## Dataset

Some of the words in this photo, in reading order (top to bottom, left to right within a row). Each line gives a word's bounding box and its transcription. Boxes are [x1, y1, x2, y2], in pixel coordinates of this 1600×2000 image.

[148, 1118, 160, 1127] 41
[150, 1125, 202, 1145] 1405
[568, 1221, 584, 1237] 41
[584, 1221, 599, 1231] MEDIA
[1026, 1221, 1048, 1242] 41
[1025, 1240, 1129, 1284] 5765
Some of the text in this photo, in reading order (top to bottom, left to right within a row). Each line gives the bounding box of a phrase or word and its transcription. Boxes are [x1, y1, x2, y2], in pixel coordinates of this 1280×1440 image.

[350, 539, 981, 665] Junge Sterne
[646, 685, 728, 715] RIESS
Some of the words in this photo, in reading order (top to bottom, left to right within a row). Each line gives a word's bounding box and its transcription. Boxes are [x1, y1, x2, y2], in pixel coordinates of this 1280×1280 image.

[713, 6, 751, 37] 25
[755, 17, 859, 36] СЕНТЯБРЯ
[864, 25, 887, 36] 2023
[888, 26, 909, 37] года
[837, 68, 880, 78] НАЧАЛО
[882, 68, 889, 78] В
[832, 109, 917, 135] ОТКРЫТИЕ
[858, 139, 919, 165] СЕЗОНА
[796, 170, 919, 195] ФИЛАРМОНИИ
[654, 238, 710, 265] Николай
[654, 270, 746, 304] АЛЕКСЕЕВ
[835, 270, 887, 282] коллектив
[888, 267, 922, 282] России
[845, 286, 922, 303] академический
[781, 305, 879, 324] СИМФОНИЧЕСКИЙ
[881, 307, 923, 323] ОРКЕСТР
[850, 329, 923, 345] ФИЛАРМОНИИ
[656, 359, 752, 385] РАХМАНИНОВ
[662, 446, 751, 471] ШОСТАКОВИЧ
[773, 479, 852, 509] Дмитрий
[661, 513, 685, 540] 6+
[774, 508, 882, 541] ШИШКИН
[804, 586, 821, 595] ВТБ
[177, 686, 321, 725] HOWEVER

## The problem
Line by line, retype the records with no changes.

## Expected output
Some of the words in this photo, in reading order (top to bottom, left to right within a row). Each line gives a word's bounding box and its transcription. Boxes are [x1, y1, x2, y2], in pixel coordinates of this 1600×2000 image.

[148, 1118, 160, 1127] 41
[150, 1125, 202, 1145] 1405
[568, 1221, 584, 1237] 41
[584, 1221, 599, 1231] MEDIA
[1026, 1221, 1048, 1242] 41
[1025, 1240, 1129, 1284] 5765
Some of the text in this photo, in reading order (top to bottom, left to right within a row). Each line gives the bounding box of a phrase or word and its transcription. Boxes are [x1, y1, x2, y2], in pixel coordinates of this 1280×1440 image.

[350, 539, 981, 665] Junge Sterne
[646, 685, 728, 715] RIESS
Some of the words in this photo, in reading order (top to bottom, left to right within a row). Each line gives a word's bounding box and its transcription. Boxes are [x1, y1, x2, y2], in pixel coordinates of this 1280×1280 image.

[713, 6, 751, 37] 25
[755, 17, 859, 36] СЕНТЯБРЯ
[864, 25, 887, 36] 2023
[888, 26, 909, 37] года
[837, 68, 880, 78] НАЧАЛО
[882, 68, 889, 78] В
[832, 109, 917, 135] ОТКРЫТИЕ
[858, 139, 919, 165] СЕЗОНА
[796, 170, 919, 195] ФИЛАРМОНИИ
[654, 238, 710, 265] Николай
[654, 270, 746, 304] АЛЕКСЕЕВ
[835, 270, 887, 282] коллектив
[888, 267, 922, 282] России
[845, 286, 922, 303] академический
[781, 305, 879, 324] СИМФОНИЧЕСКИЙ
[881, 307, 923, 323] ОРКЕСТР
[850, 329, 923, 345] ФИЛАРМОНИИ
[656, 359, 752, 385] РАХМАНИНОВ
[662, 446, 751, 471] ШОСТАКОВИЧ
[773, 479, 852, 509] Дмитрий
[661, 513, 685, 540] 6+
[774, 508, 882, 541] ШИШКИН
[804, 586, 821, 595] ВТБ
[177, 686, 321, 725] HOWEVER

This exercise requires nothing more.